As Davis suggests that she and Wight get a room, Fielding returns to offer Grower a pair of skates that used to belong to his sister and she is touched. He asks if she would like to drive the ice machine while his boss is away and she readily agrees. The camera follows their progress before cutting to the credits, which include an insert of someone (possibly Grower) writing `The End' in foam on the back windscreen of a white Mini, which drives into the suburban distance as the image irises out.

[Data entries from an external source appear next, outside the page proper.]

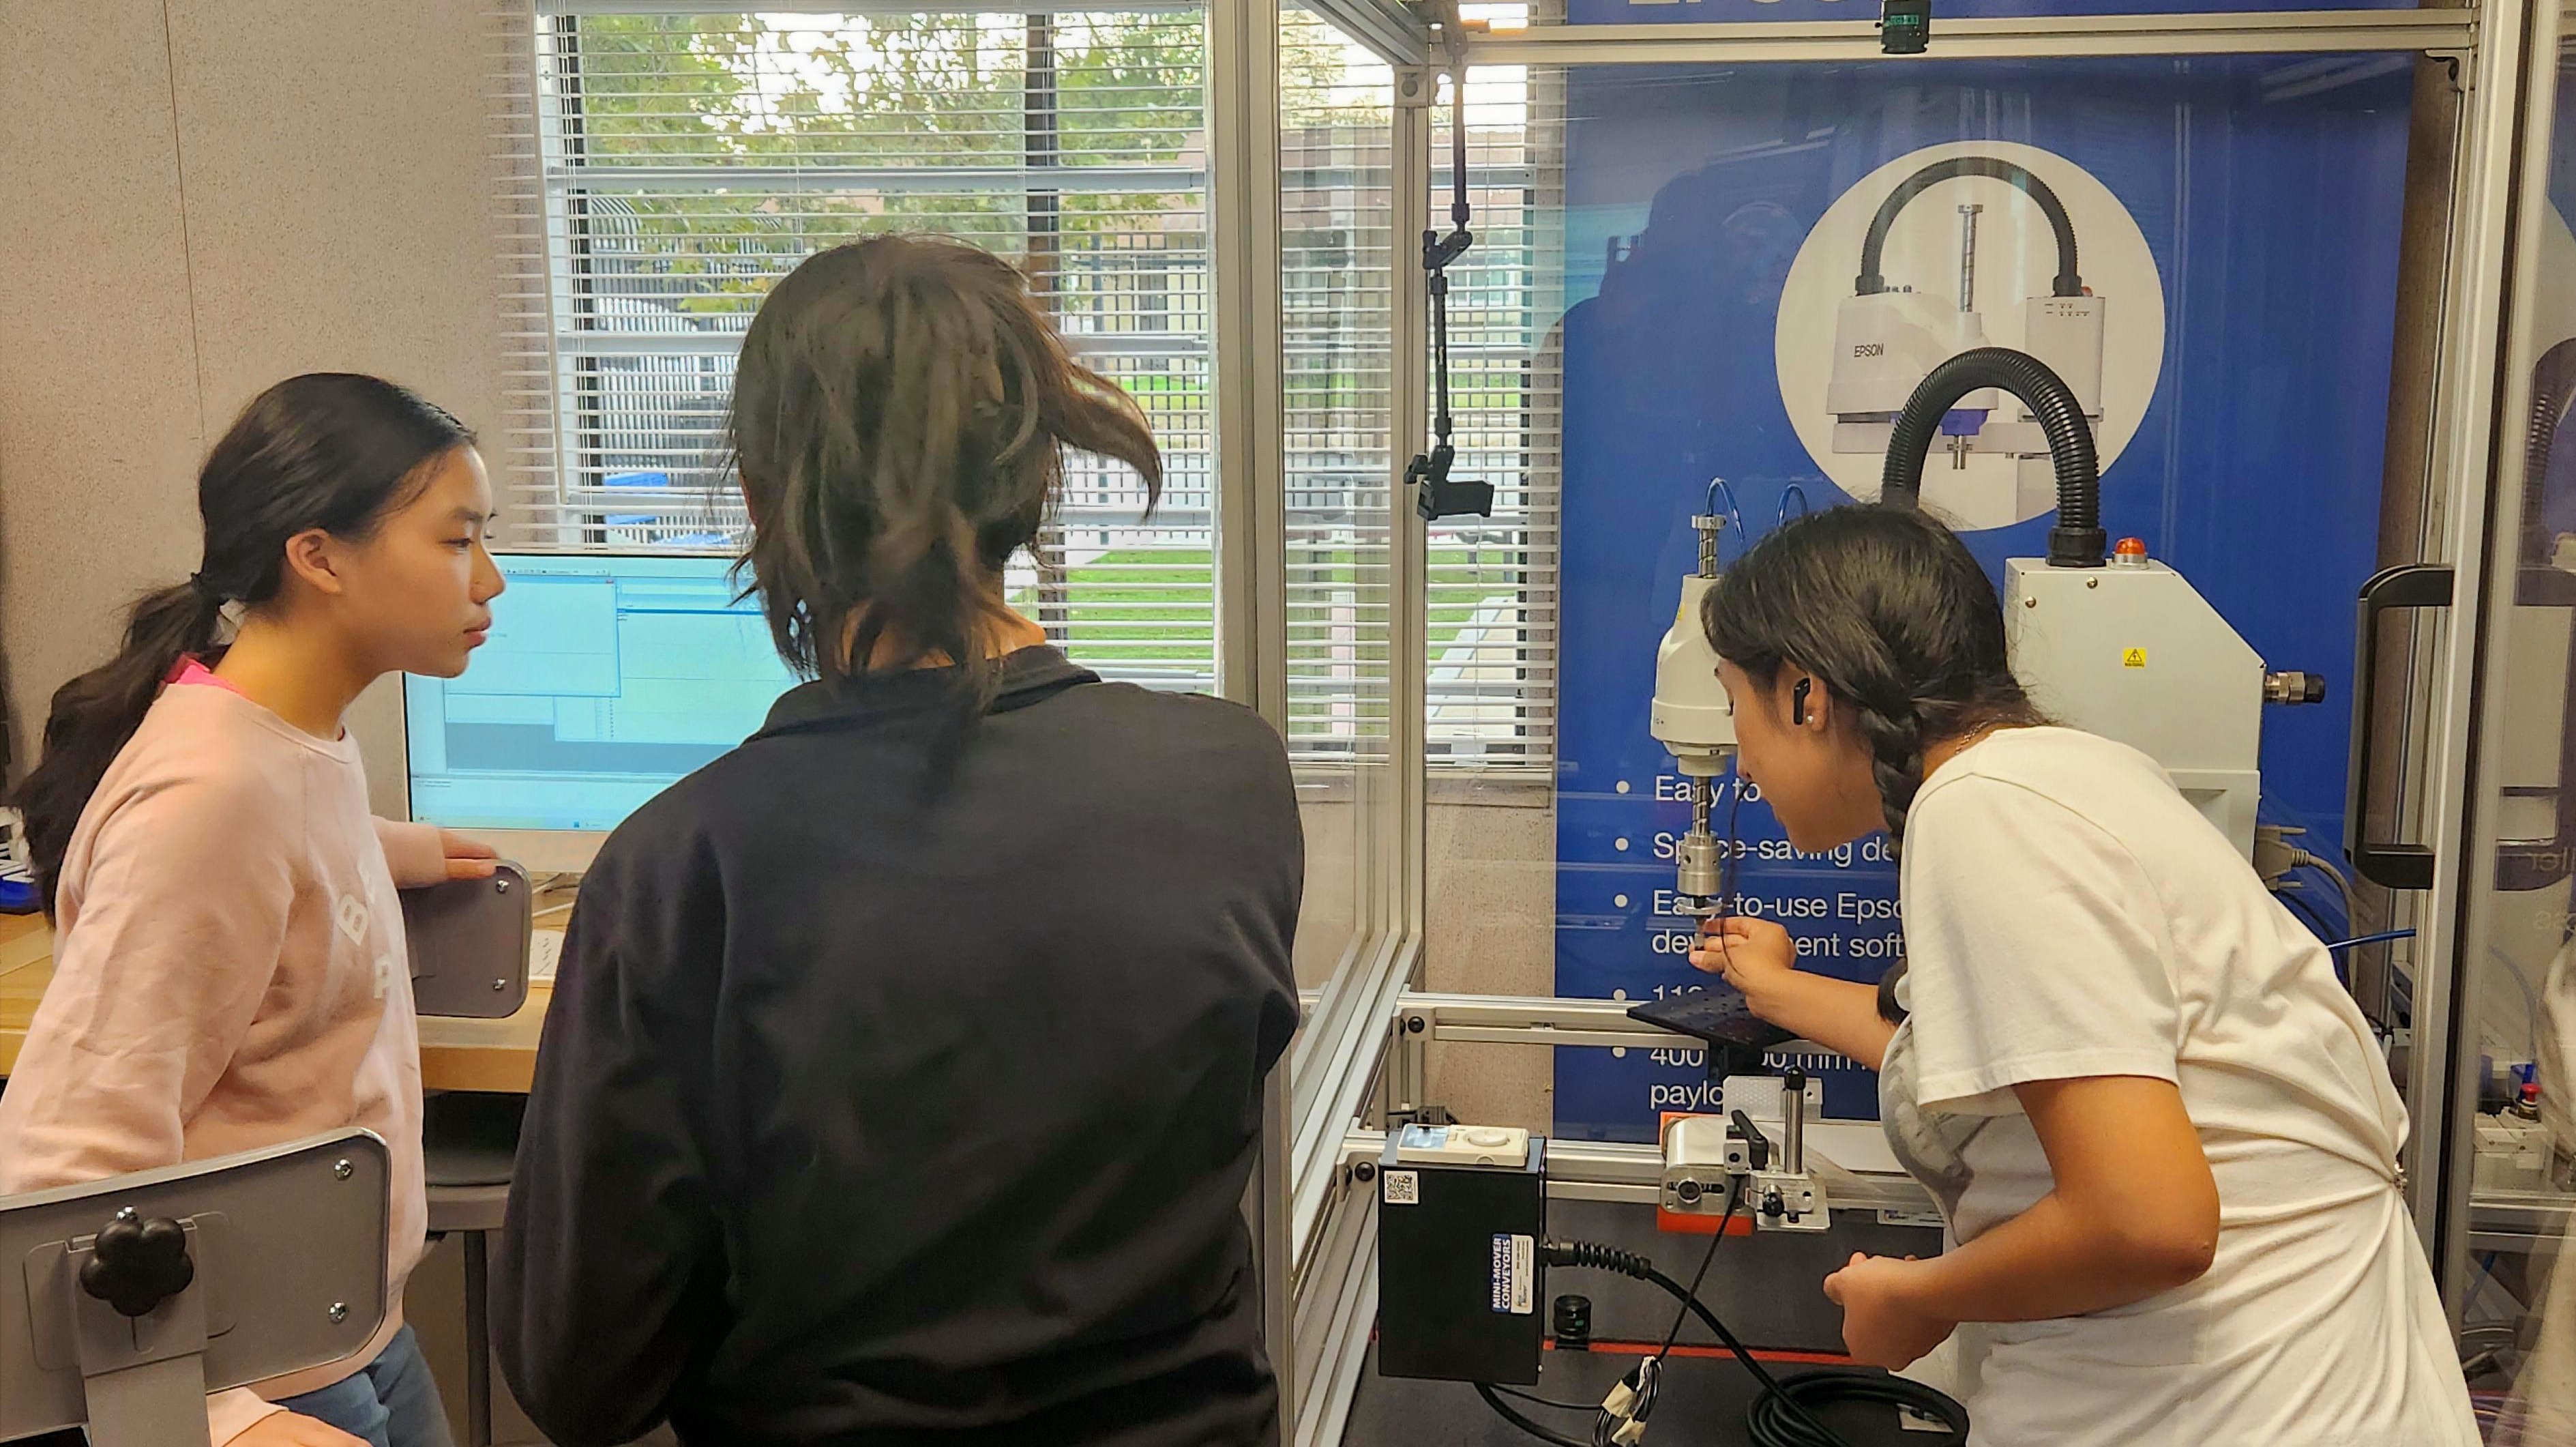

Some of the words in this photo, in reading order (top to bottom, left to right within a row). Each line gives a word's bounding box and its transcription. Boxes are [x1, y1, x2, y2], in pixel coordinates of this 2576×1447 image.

[1854, 343, 1884, 357] EPSON
[1655, 775, 1725, 808] Eay
[1732, 777, 1762, 802] to
[1653, 832, 1852, 868] Sce-sag
[1653, 890, 1829, 922] Ea-to-use
[1493, 1238, 1502, 1309] MINI-MOVER
[1501, 1239, 1511, 1309] CONVEYORS

While nowhere near as determinedly or dementedly zeitgeisty as #Starvecrow, this 2016 amalgam of vignettes has acquired an accidental relevance through the similarity of the Wight-Davis storyline to the scandals currently rocking the entertainment industry. But, while Grower and her ensemble make passing reference to a range of social and emotional issues, this improv exercise could just as easily have been undertaken by the Natural Nylon gang in the late 1990s.

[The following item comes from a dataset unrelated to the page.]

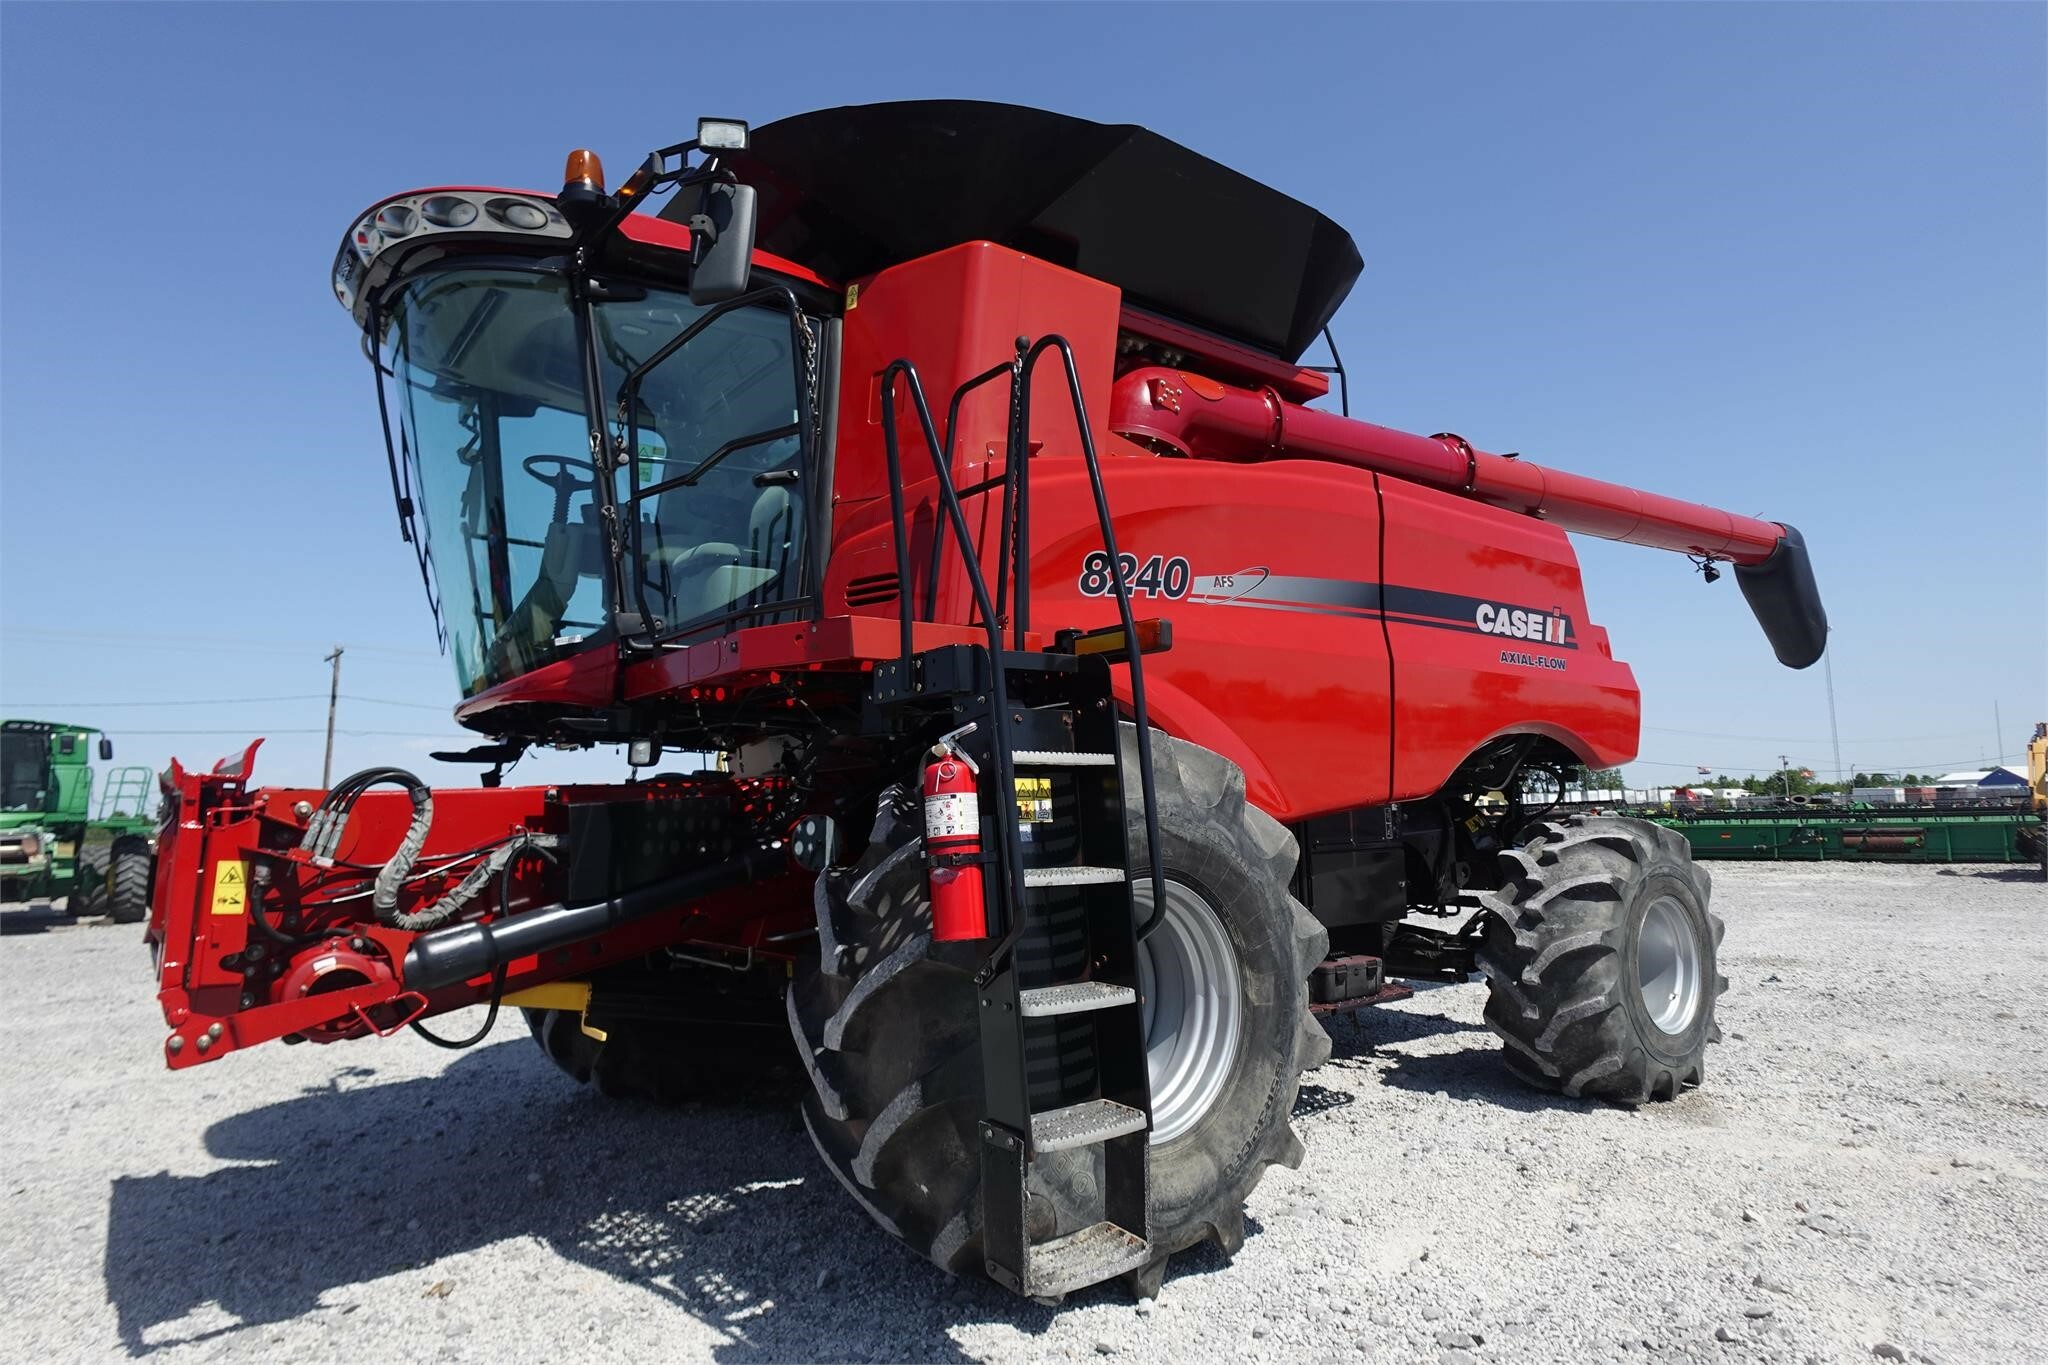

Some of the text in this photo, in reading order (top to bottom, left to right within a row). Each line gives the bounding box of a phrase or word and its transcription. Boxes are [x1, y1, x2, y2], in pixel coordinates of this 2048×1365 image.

[1079, 550, 1191, 600] 8240
[1212, 575, 1235, 589] AFS
[1500, 650, 1567, 671] AXIAL-FLOW

A number of the threads feel limp, with the weakest links being the Hewlett-Milroy, Campbell-Oram, Cowan-Thomas and Godden-Roch episodes (although the latter does boast the best make-up). The presence of such familiar faces as Noel Fielding. Julian Barratt and Julia Davis gives their segments a certain cachet, but the most intriguing items are those played by dramatic actors like Kerry Fox, Paul McGann and Kate Hardie, who are more experienced at conveying unspoken backstory in their performance.

Technically, this survives the fact is credits three cinematographers seven editors because Grower is so clearly the project's driving and guiding force. For all her perseverance and ingenuity, however, her film is more of a calling card than a definitive statement. But her subversive approach to both structure and storytelling suggests that this won't be her sole directorial outing.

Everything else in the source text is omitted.